[Records drawn from a dataset]
╭──

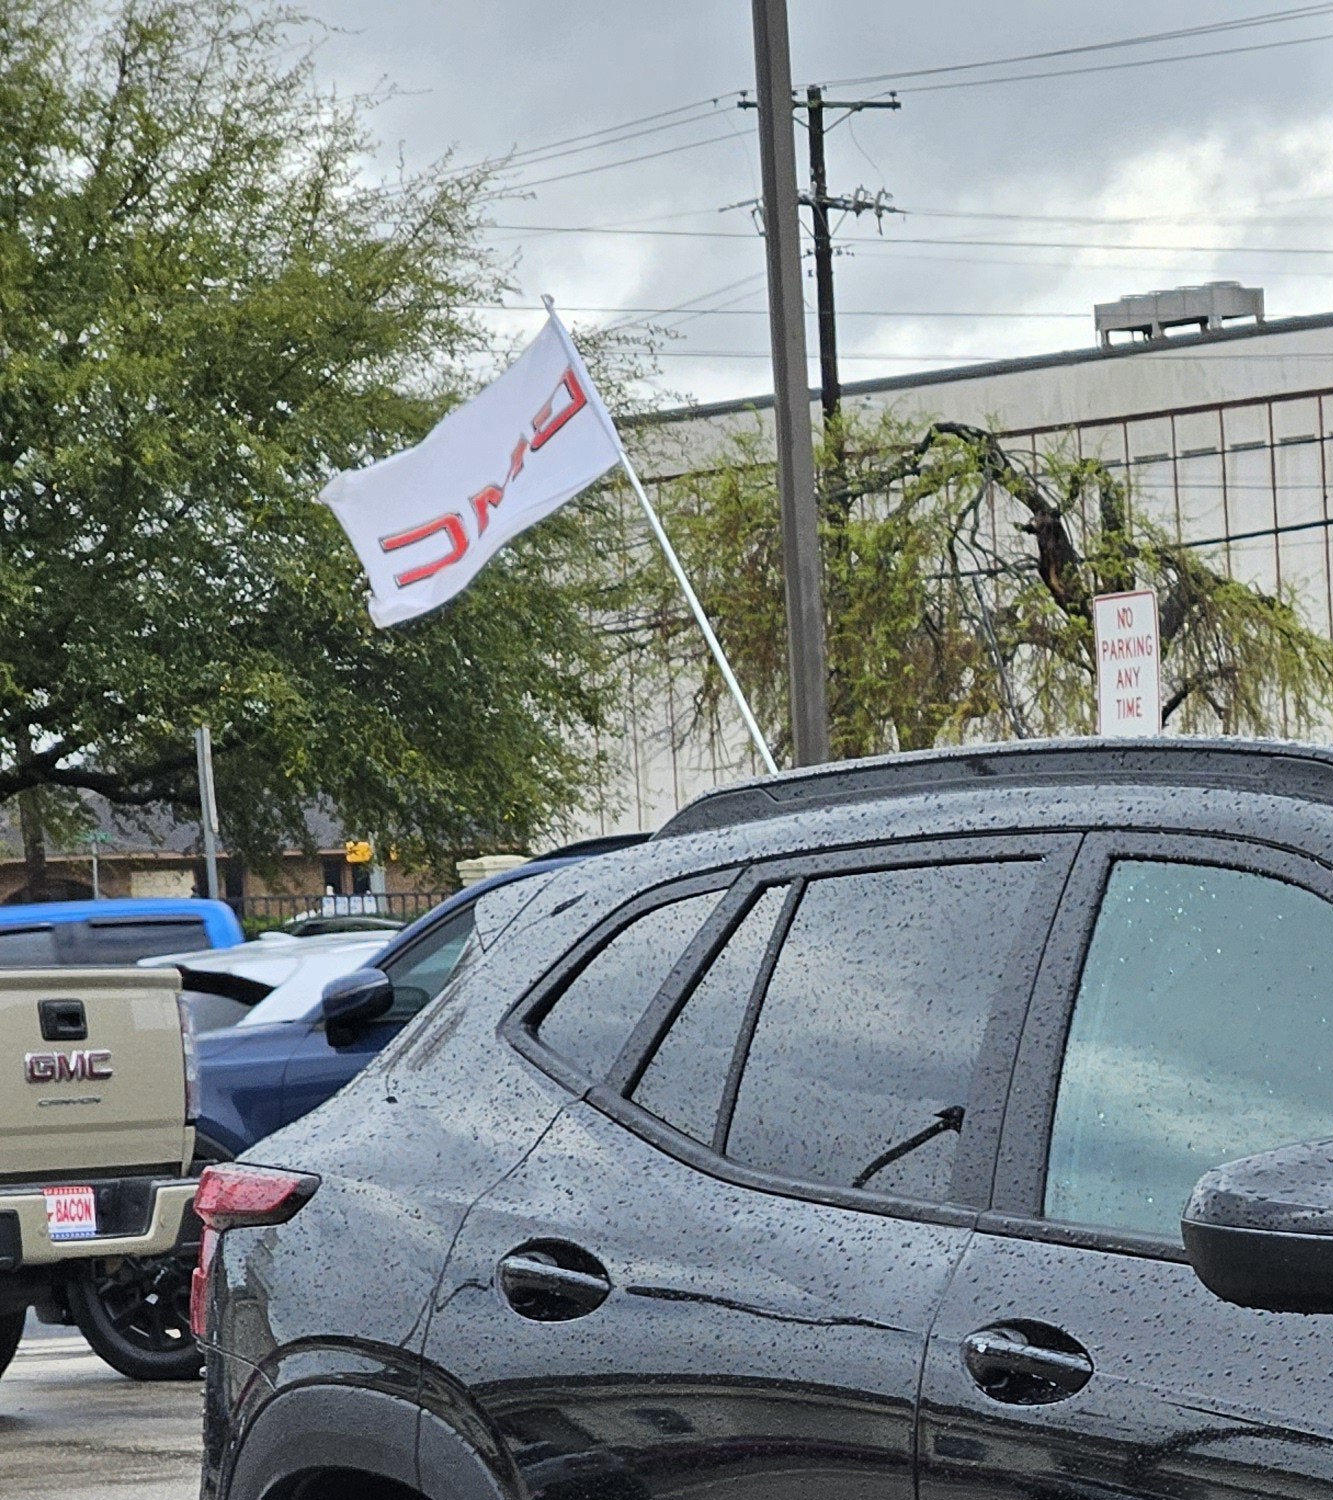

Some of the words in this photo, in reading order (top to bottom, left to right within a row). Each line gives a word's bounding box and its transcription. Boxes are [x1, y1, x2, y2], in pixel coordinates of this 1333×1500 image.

[1116, 607, 1134, 629] NO
[1101, 635, 1154, 661] PARKING
[1116, 666, 1141, 689] ANY
[1116, 697, 1143, 719] TIME
[24, 1049, 114, 1083] GMC
[55, 1198, 92, 1223] BACON
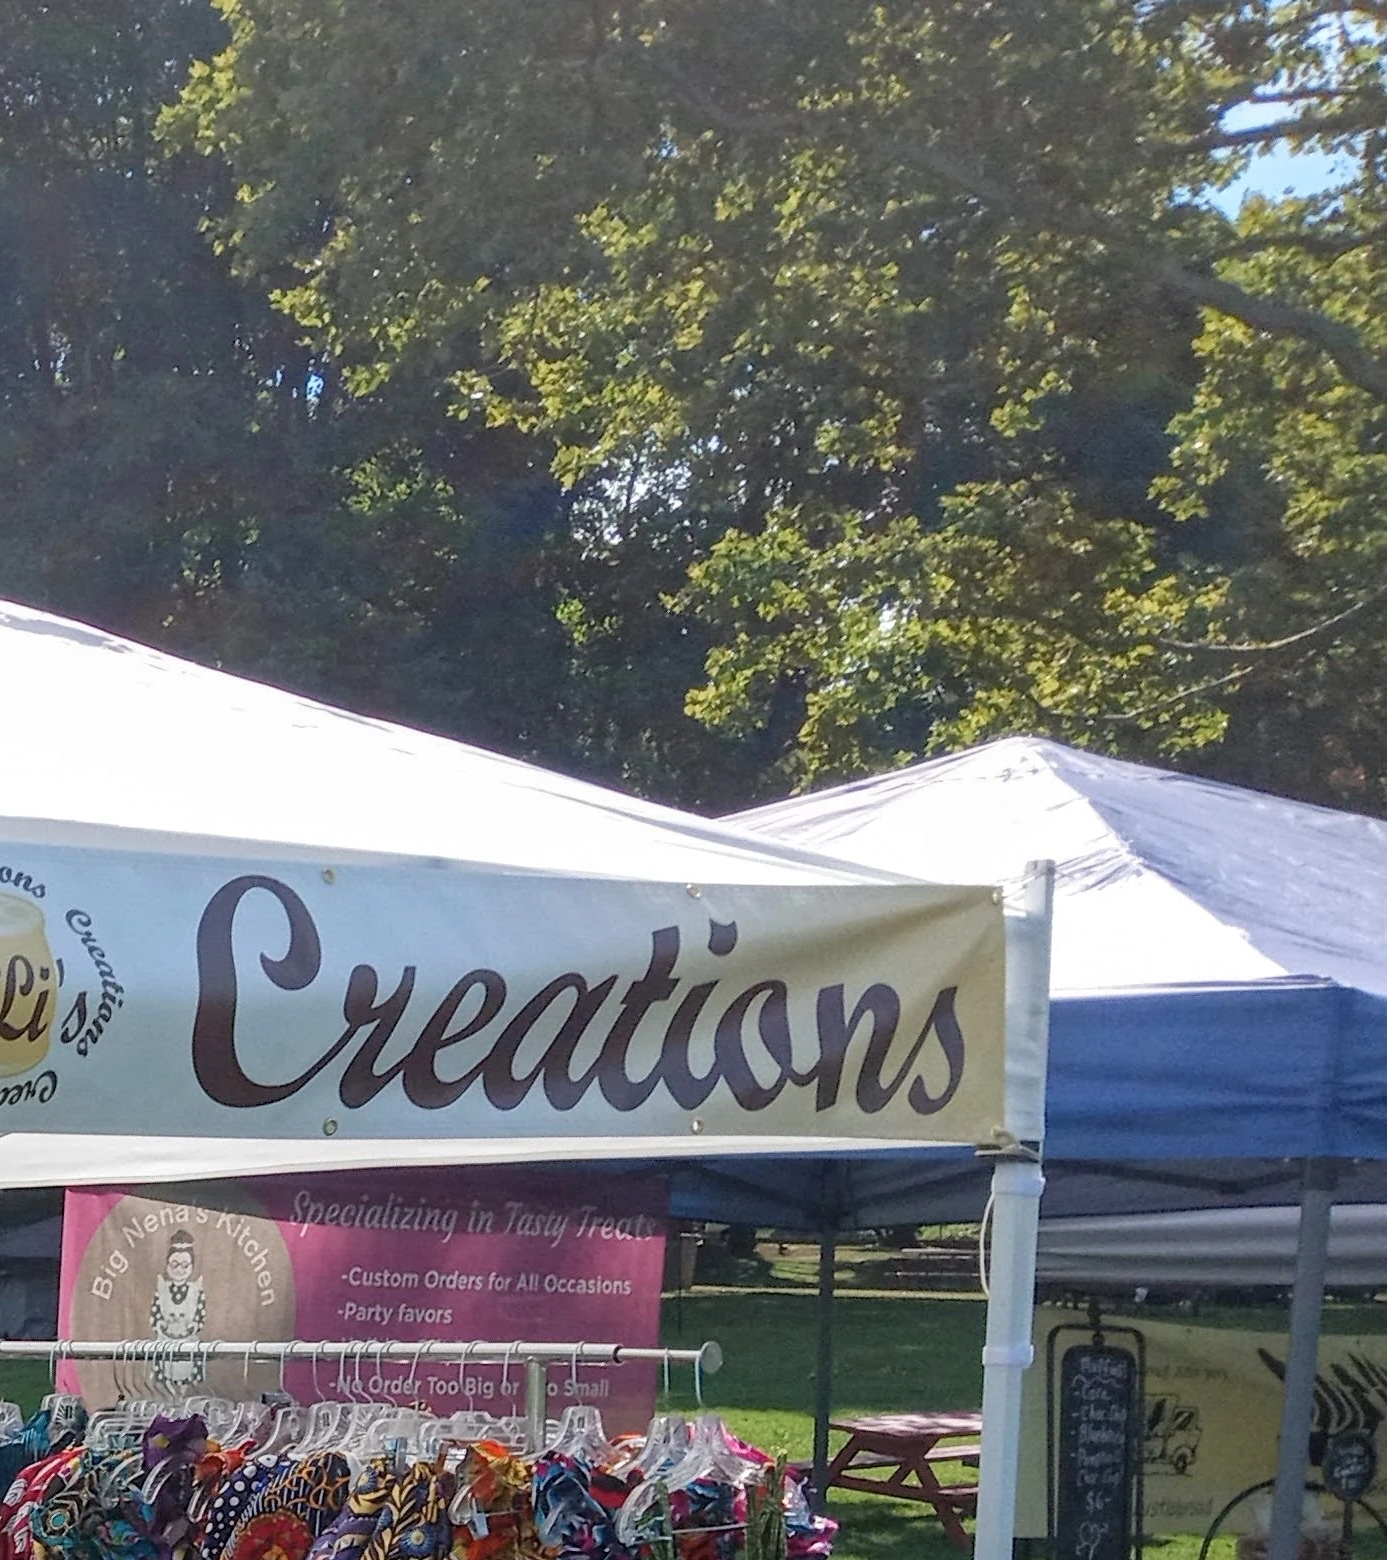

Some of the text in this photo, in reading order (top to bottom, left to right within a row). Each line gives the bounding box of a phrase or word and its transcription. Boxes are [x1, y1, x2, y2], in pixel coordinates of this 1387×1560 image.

[65, 909, 124, 1057] Creations
[192, 873, 965, 1116] Creations
[290, 1190, 657, 1247] Specializing in Tasty Treats
[91, 1201, 275, 1306] Big Nena's Kitchen
[341, 1267, 632, 1295] -Custom Orders for All Occasions
[338, 1302, 452, 1325] -Party favors
[369, 1376, 421, 1395] Order
[427, 1377, 459, 1395] Too
[464, 1377, 494, 1398] Big
[563, 1379, 609, 1397] Small
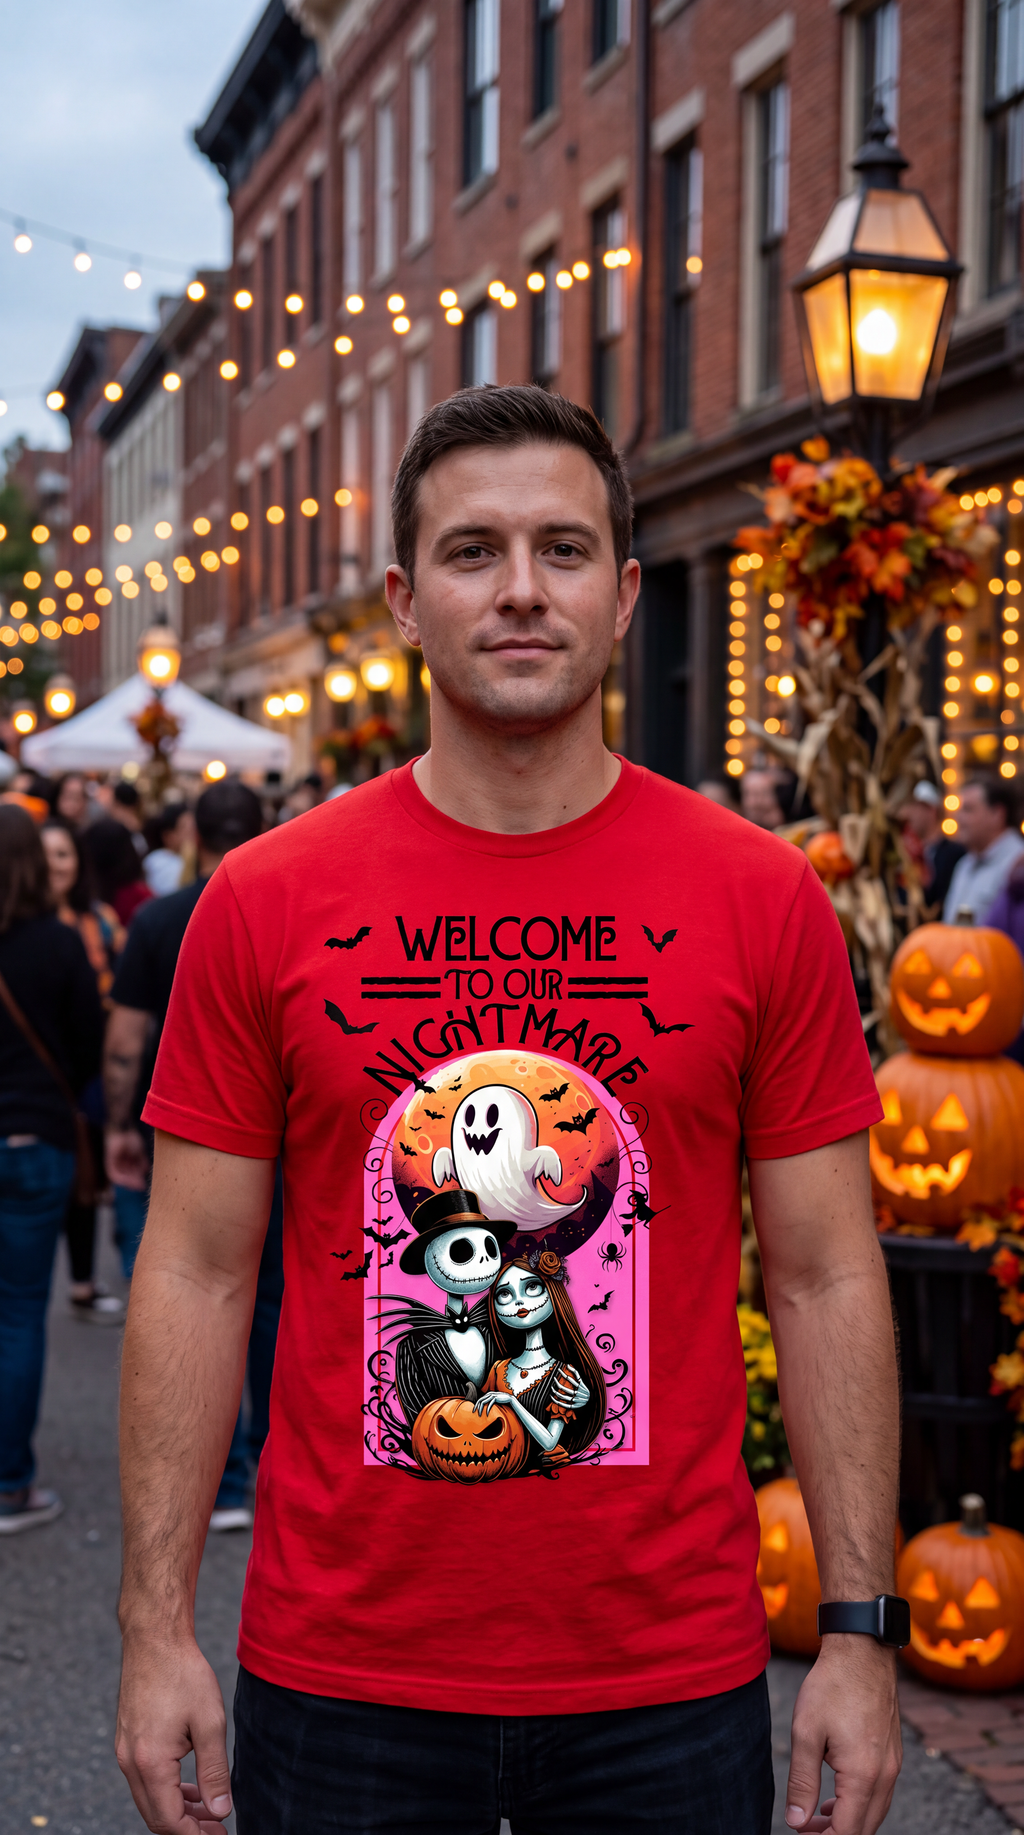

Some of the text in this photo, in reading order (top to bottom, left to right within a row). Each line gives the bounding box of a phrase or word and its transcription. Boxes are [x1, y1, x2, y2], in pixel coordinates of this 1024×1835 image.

[394, 915, 617, 962] WELCOME
[443, 968, 563, 1001] TO OUR
[362, 1003, 650, 1098] NIGHTMARE
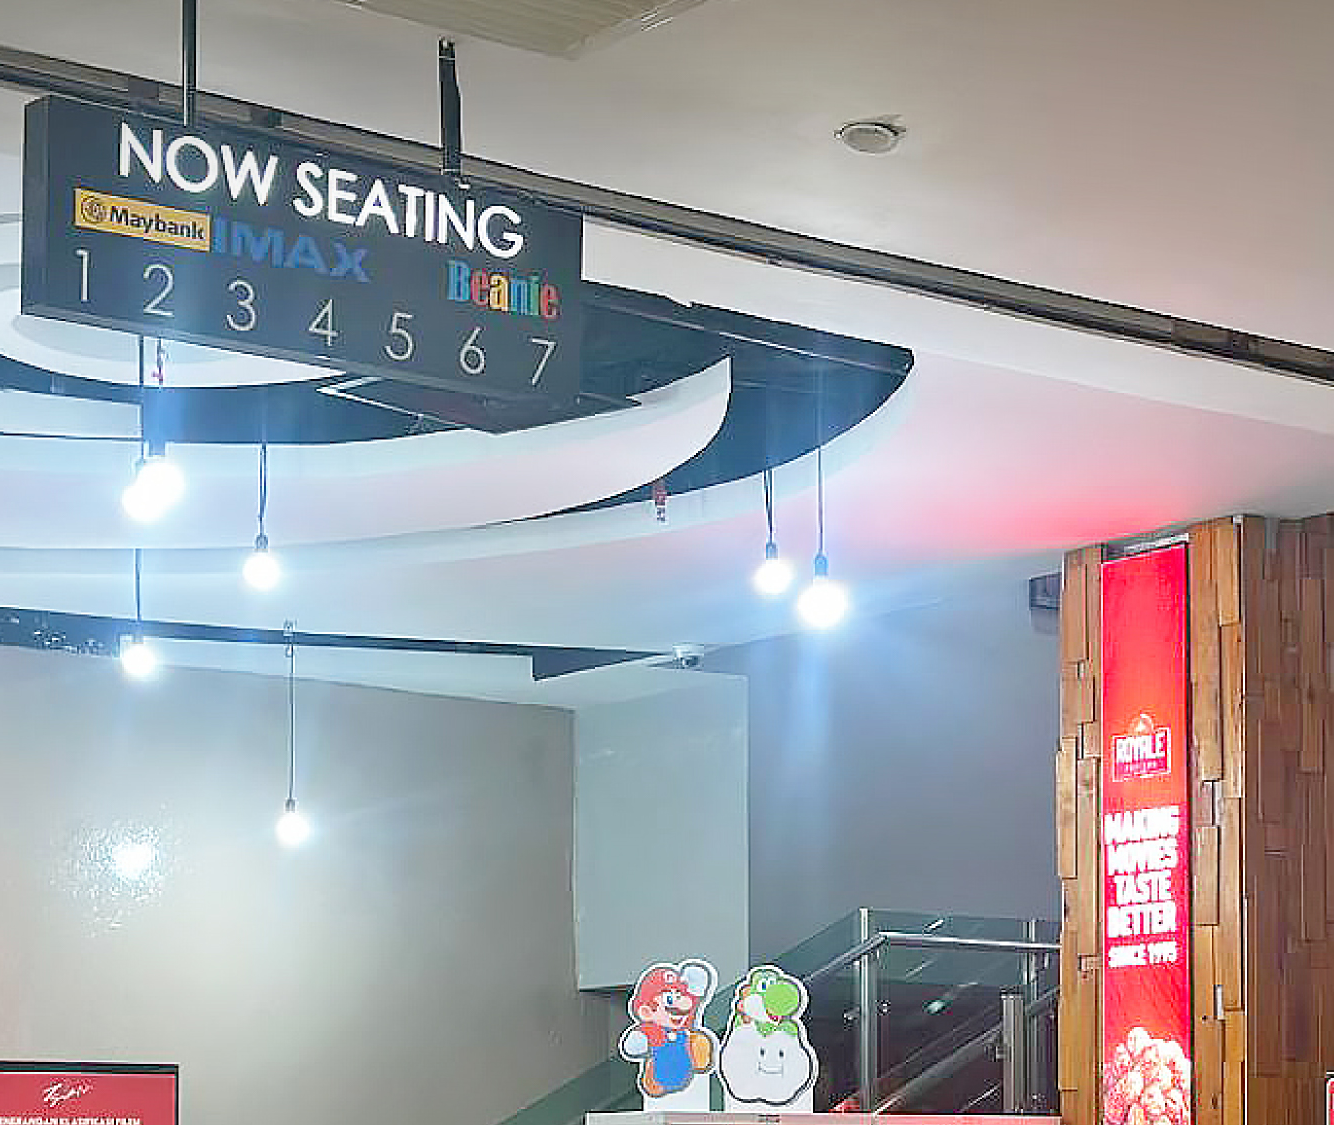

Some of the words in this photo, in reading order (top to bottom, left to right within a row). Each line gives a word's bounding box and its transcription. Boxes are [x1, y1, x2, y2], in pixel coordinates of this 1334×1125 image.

[118, 121, 279, 206] NOW
[292, 160, 525, 260] SEATING
[110, 205, 204, 242] Maybank
[213, 214, 371, 284] IMAX
[447, 260, 561, 320] Beanie
[75, 249, 89, 301] 1
[142, 263, 175, 317] 2
[226, 281, 257, 332] 3
[308, 298, 339, 347] 4
[384, 313, 414, 362] 5
[459, 327, 486, 376] 6
[530, 338, 557, 386] 7
[1116, 734, 1165, 762] ROYALE
[1104, 806, 1179, 845] MAKING
[1107, 837, 1178, 876] MOVIES
[1114, 870, 1172, 906] TASTE
[1107, 900, 1177, 938] BETTER

╰──

**Required work:** Write the lines from the line containing "this 1387×1560 image." through the last line of the data out again exactly, and only those lines; pictures stay out.

**Task answer:**
Some of the text in this photo, in reading order (top to bottom, left to right within a row). Each line gives the bounding box of a phrase or word and its transcription. Boxes are [x1, y1, x2, y2], in pixel coordinates of this 1387×1560 image.

[65, 909, 124, 1057] Creations
[192, 873, 965, 1116] Creations
[290, 1190, 657, 1247] Specializing in Tasty Treats
[91, 1201, 275, 1306] Big Nena's Kitchen
[341, 1267, 632, 1295] -Custom Orders for All Occasions
[338, 1302, 452, 1325] -Party favors
[369, 1376, 421, 1395] Order
[427, 1377, 459, 1395] Too
[464, 1377, 494, 1398] Big
[563, 1379, 609, 1397] Small

Some of the text in this photo, in reading order (top to bottom, left to right within a row). Each line gives the bounding box of a phrase or word and its transcription. Boxes are [x1, y1, x2, y2], in pixel coordinates of this 1024×1835 image.

[394, 915, 617, 962] WELCOME
[443, 968, 563, 1001] TO OUR
[362, 1003, 650, 1098] NIGHTMARE

Some of the words in this photo, in reading order (top to bottom, left to right within a row). Each line gives a word's bounding box and its transcription. Boxes are [x1, y1, x2, y2], in pixel coordinates of this 1334×1125 image.

[118, 121, 279, 206] NOW
[292, 160, 525, 260] SEATING
[110, 205, 204, 242] Maybank
[213, 214, 371, 284] IMAX
[447, 260, 561, 320] Beanie
[75, 249, 89, 301] 1
[142, 263, 175, 317] 2
[226, 281, 257, 332] 3
[308, 298, 339, 347] 4
[384, 313, 414, 362] 5
[459, 327, 486, 376] 6
[530, 338, 557, 386] 7
[1116, 734, 1165, 762] ROYALE
[1104, 806, 1179, 845] MAKING
[1107, 837, 1178, 876] MOVIES
[1114, 870, 1172, 906] TASTE
[1107, 900, 1177, 938] BETTER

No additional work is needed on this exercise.